▸ **What is needed**:
Only those lines running from the line that contains "this 1600×1201 image." through the end of the material are to be written out, each exactly as shown.
Provided records section start
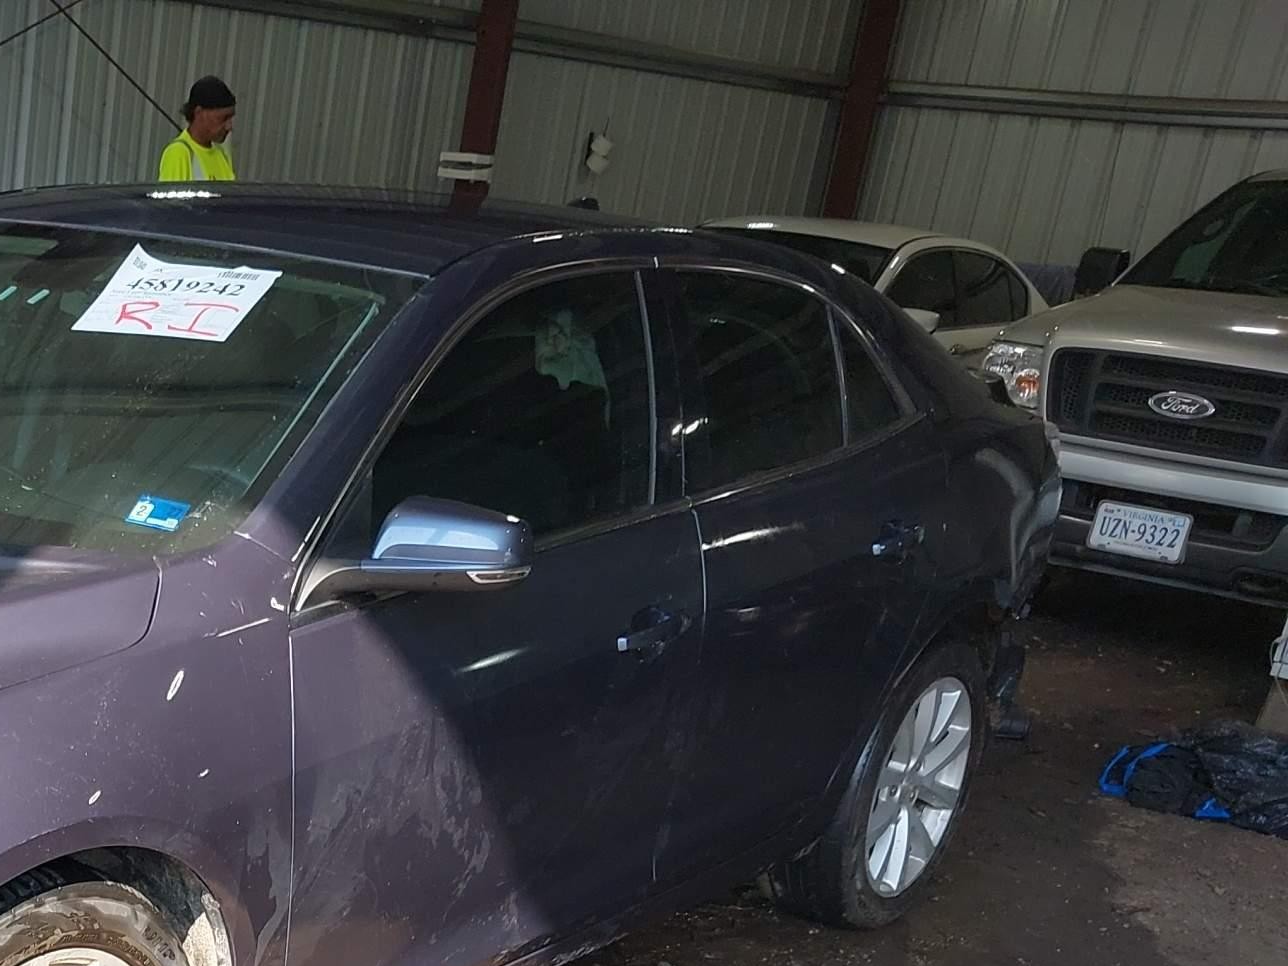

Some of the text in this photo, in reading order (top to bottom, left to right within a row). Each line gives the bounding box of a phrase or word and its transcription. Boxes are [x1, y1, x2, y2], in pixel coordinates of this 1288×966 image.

[126, 276, 246, 297] 45819242
[1160, 396, 1198, 415] Ford
[1123, 510, 1165, 525] VIRGINIA
[1099, 515, 1181, 549] UZN-9322
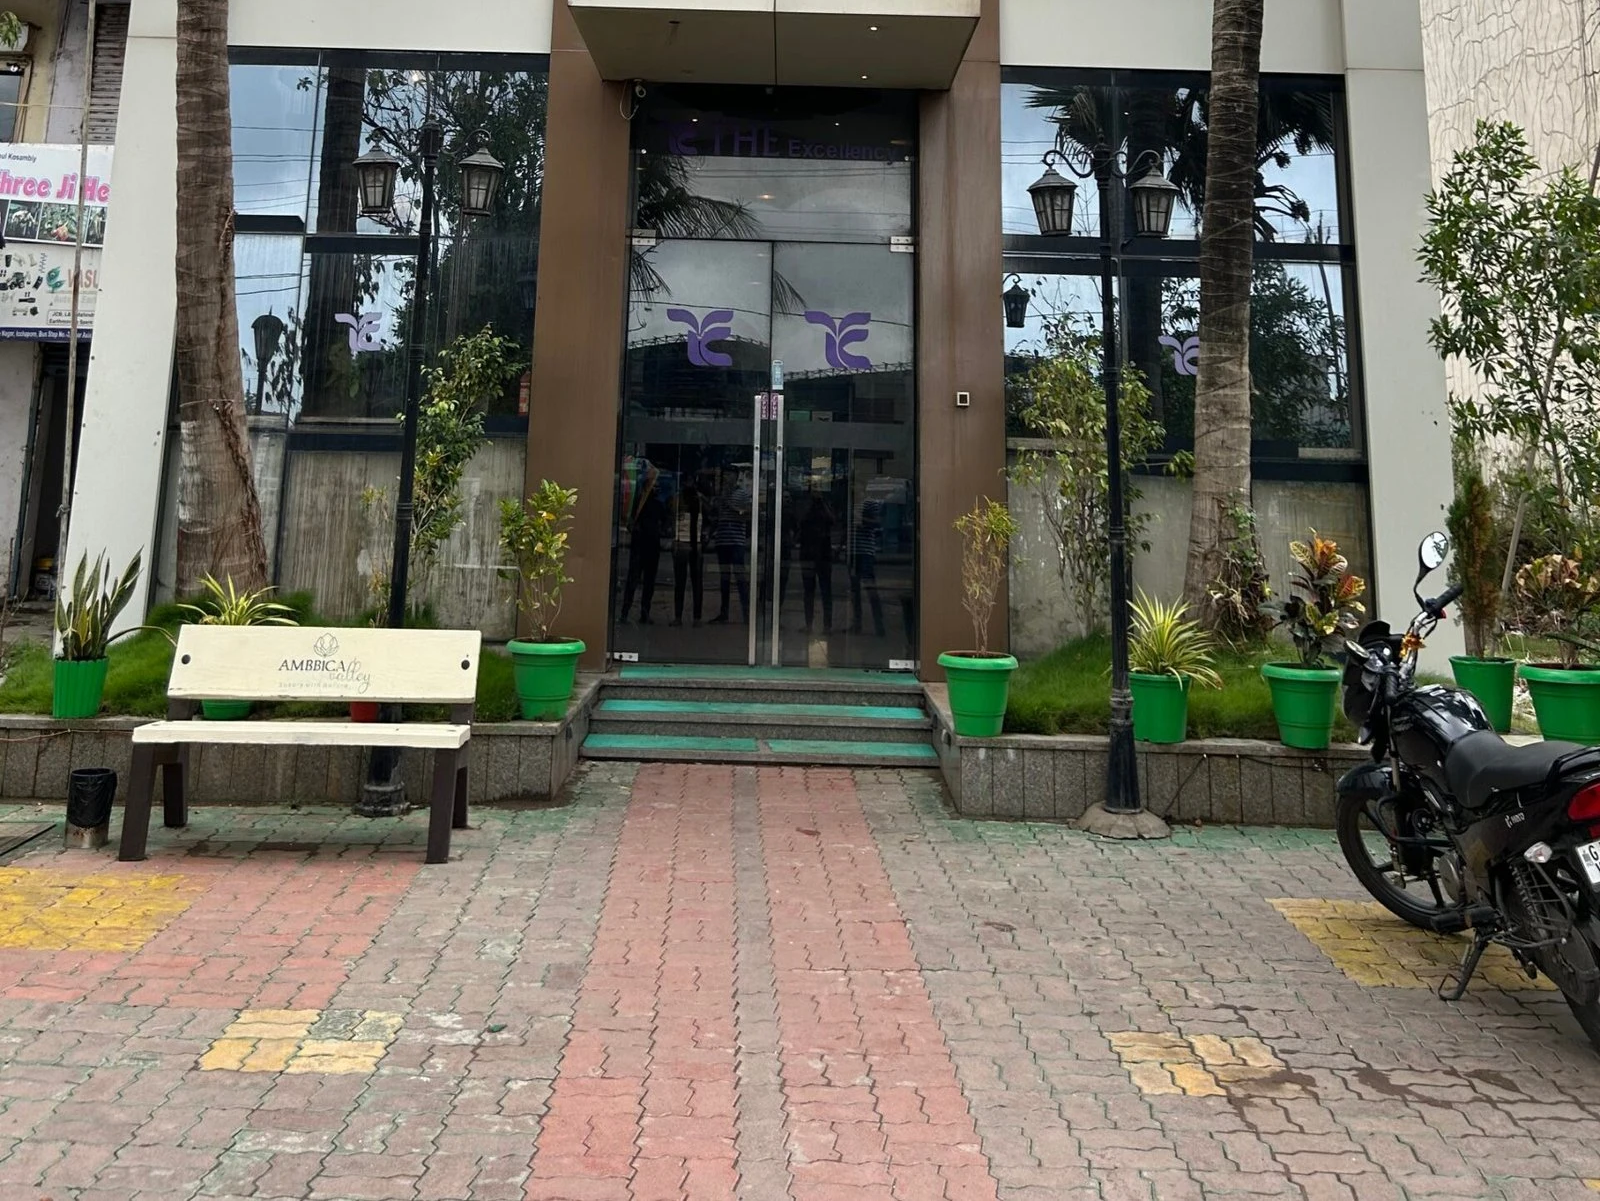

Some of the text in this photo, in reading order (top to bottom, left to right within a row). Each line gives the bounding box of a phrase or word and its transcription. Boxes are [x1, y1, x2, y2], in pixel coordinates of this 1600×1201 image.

[710, 122, 898, 166] THE Excellency
[0, 169, 52, 198] hree
[56, 172, 79, 200] Ji
[278, 659, 346, 672] AMBBICA
Provided records section end
▸ **Solution for this problem**:
Some of the text in this photo, in reading order (top to bottom, left to right within a row). Each line gives the bounding box of a phrase or word and its transcription. Boxes are [x1, y1, x2, y2], in pixel coordinates of this 1600×1201 image.

[710, 122, 898, 166] THE Excellency
[0, 169, 52, 198] hree
[56, 172, 79, 200] Ji
[278, 659, 346, 672] AMBBICA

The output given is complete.